The pictures are to be dropped, and the records below are to be restated word for word.
[RECORDED INFORMATION]
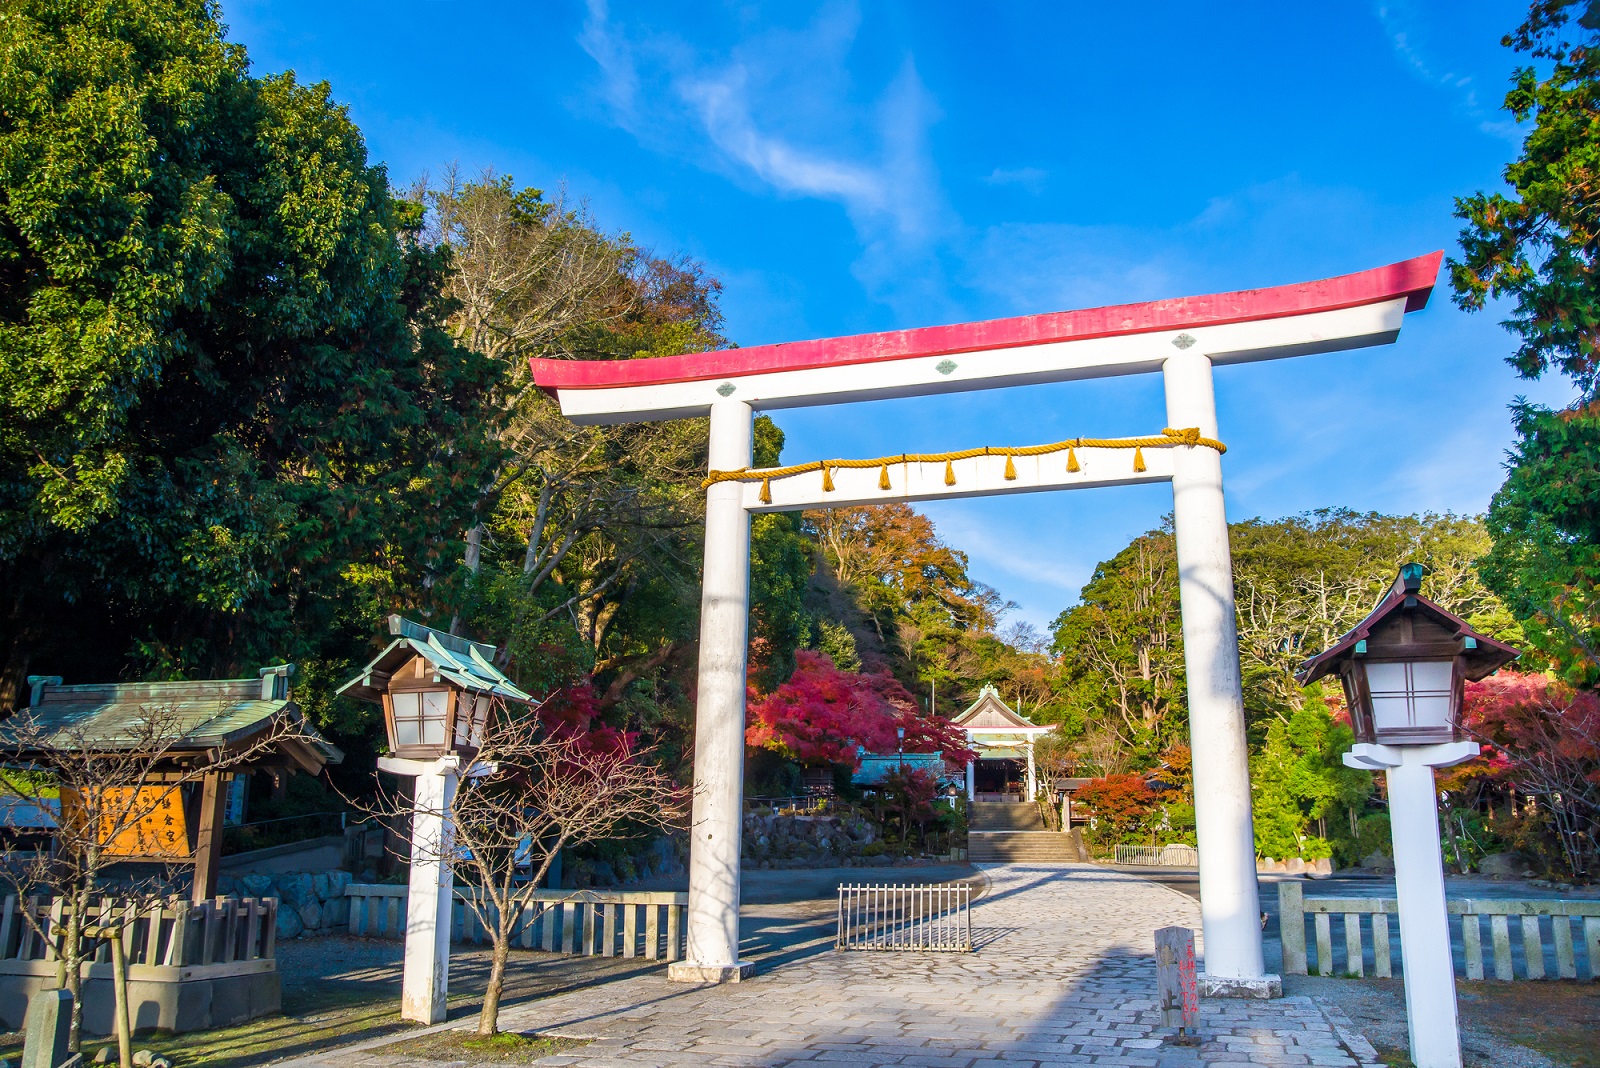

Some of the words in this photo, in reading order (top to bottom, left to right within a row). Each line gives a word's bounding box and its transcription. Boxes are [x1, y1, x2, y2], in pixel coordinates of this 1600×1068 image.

[1186, 938, 1199, 1014] ご参拝の方のみ
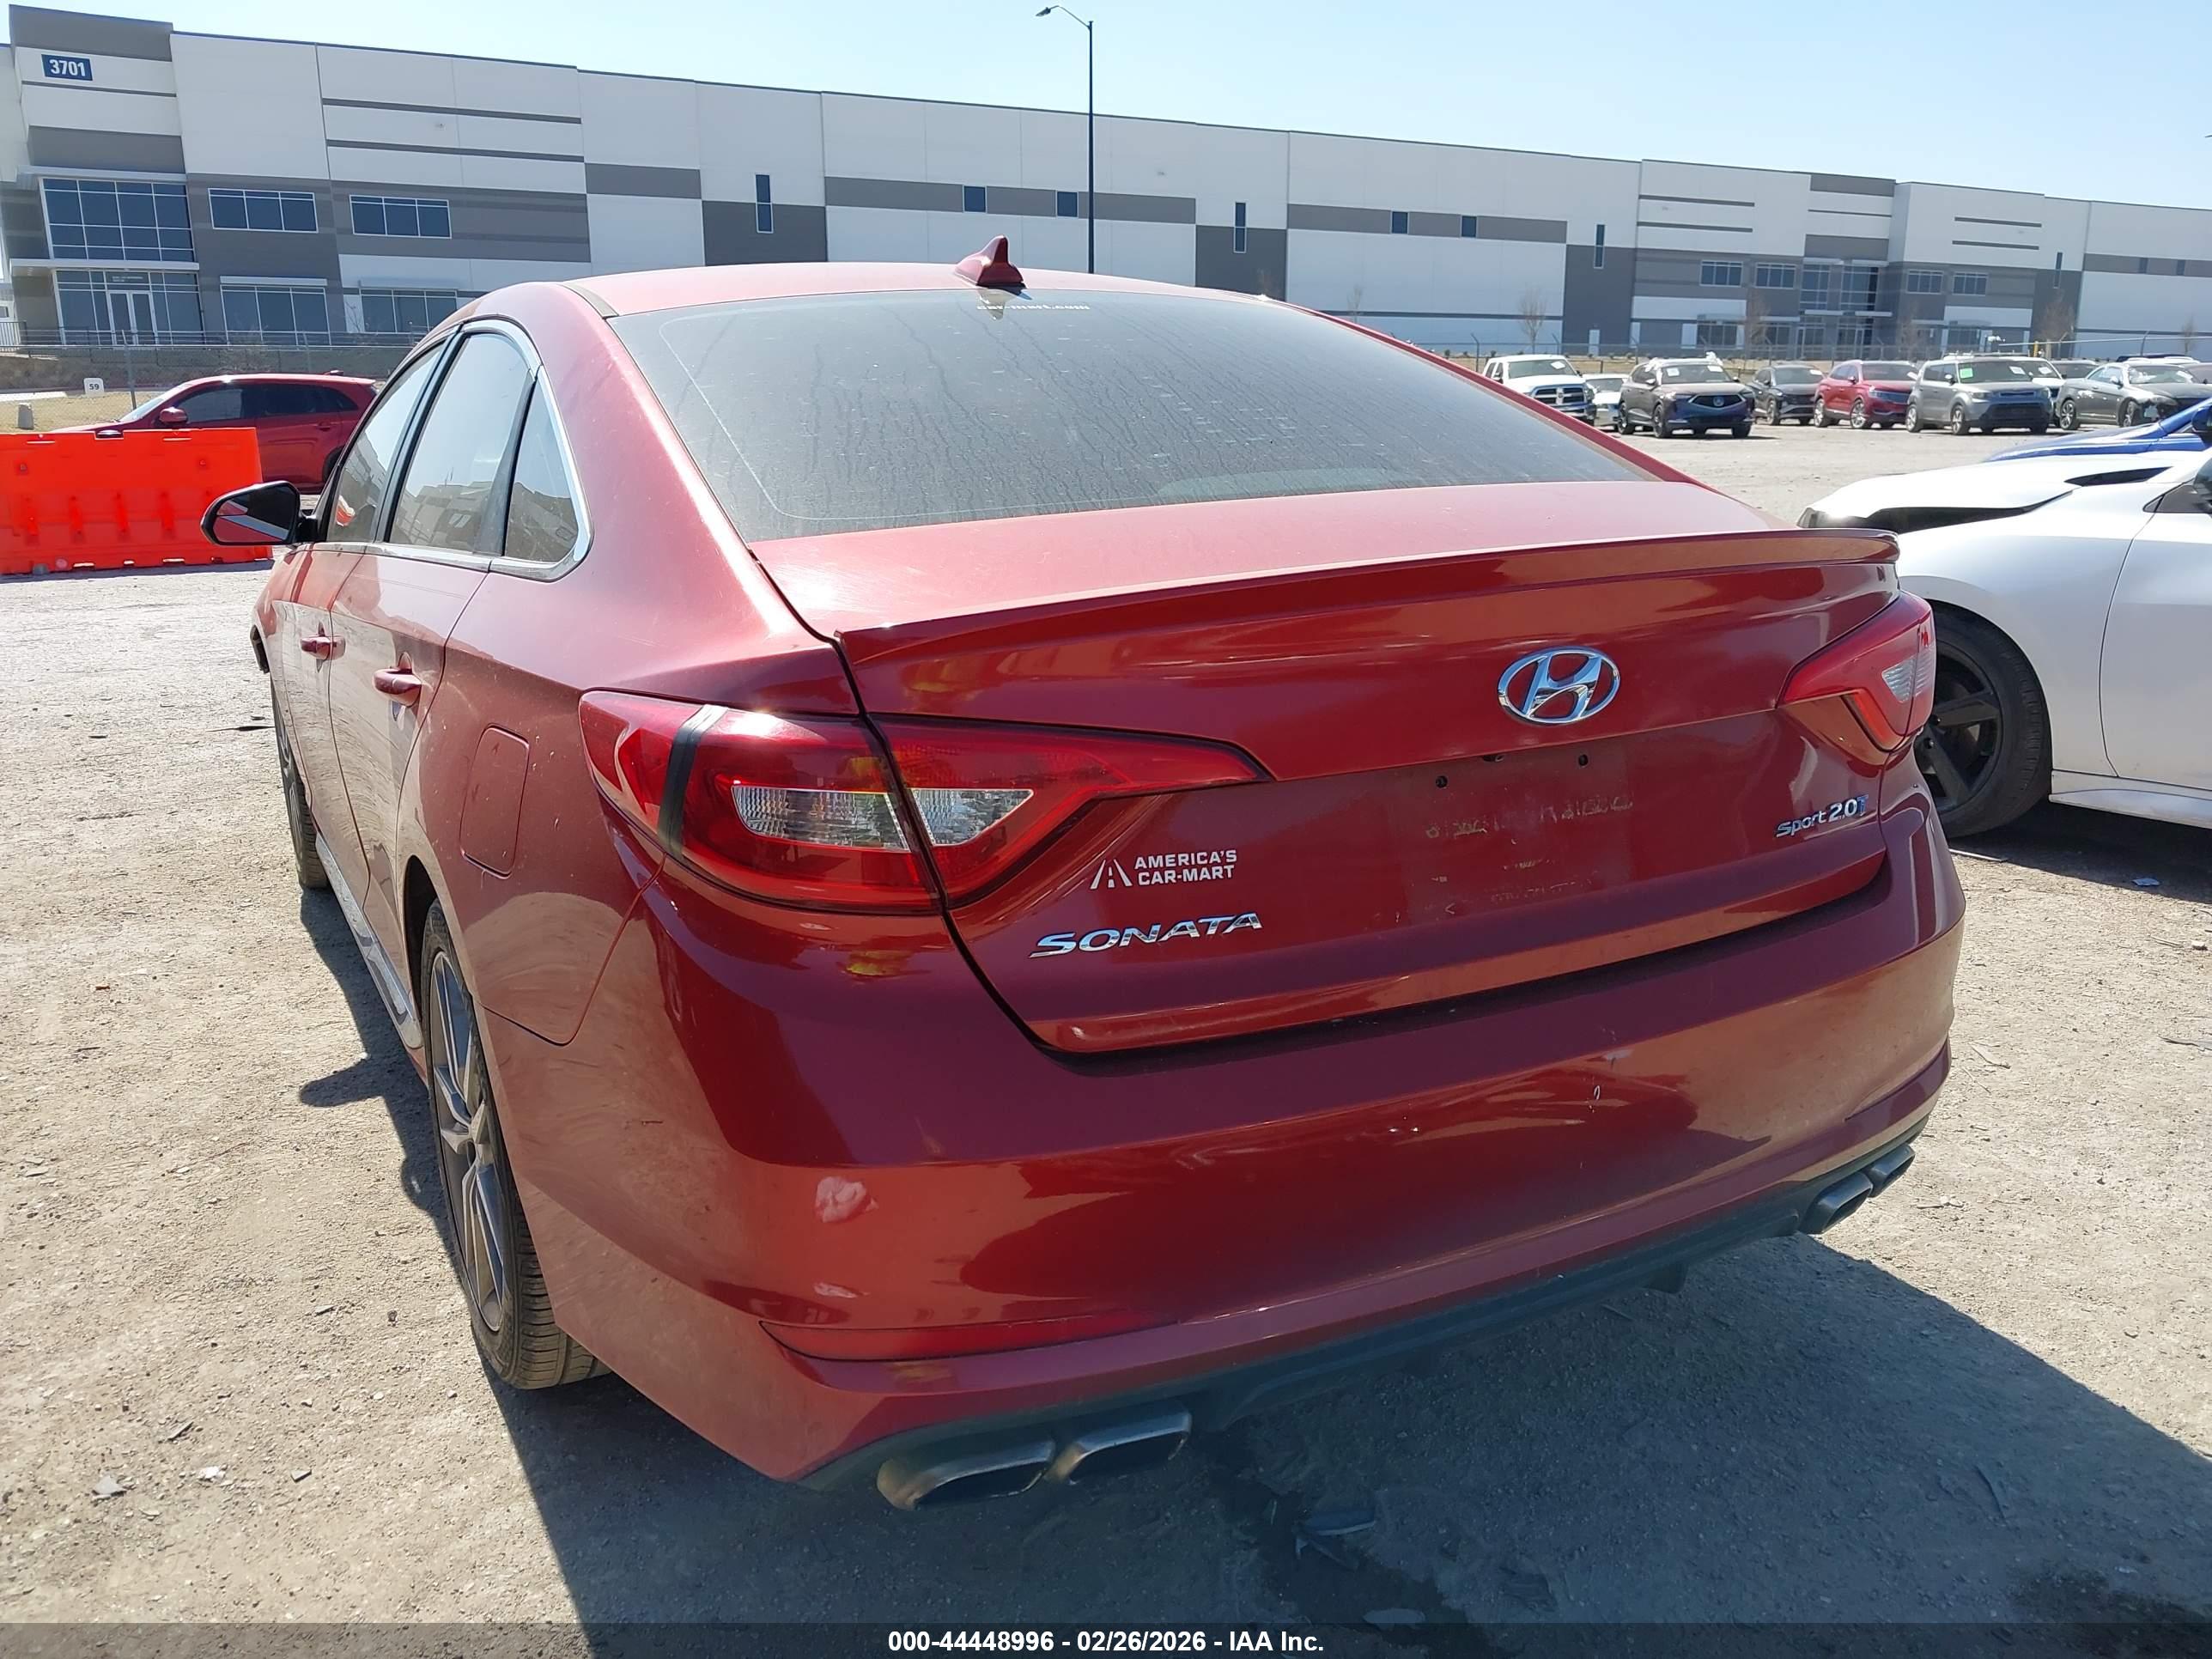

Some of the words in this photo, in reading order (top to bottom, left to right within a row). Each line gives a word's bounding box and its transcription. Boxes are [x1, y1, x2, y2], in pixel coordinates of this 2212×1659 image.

[49, 59, 86, 76] 3701
[1776, 810, 1827, 838] Sport
[1134, 849, 1237, 870] AMERICA'S
[1138, 865, 1235, 886] CAR-MART
[1030, 912, 1264, 958] SONATA
[/RECORDED INFORMATION]
YOUR RESPONSE:
Some of the words in this photo, in reading order (top to bottom, left to right within a row). Each line gives a word's bounding box and its transcription. Boxes are [x1, y1, x2, y2], in pixel coordinates of this 1600×1068 image.

[1186, 938, 1199, 1014] ご参拝の方のみ

Some of the words in this photo, in reading order (top to bottom, left to right within a row). Each line gives a word's bounding box and its transcription. Boxes are [x1, y1, x2, y2], in pixel coordinates of this 2212×1659 image.

[49, 59, 86, 76] 3701
[1776, 810, 1827, 838] Sport
[1134, 849, 1237, 870] AMERICA'S
[1138, 865, 1235, 886] CAR-MART
[1030, 912, 1264, 958] SONATA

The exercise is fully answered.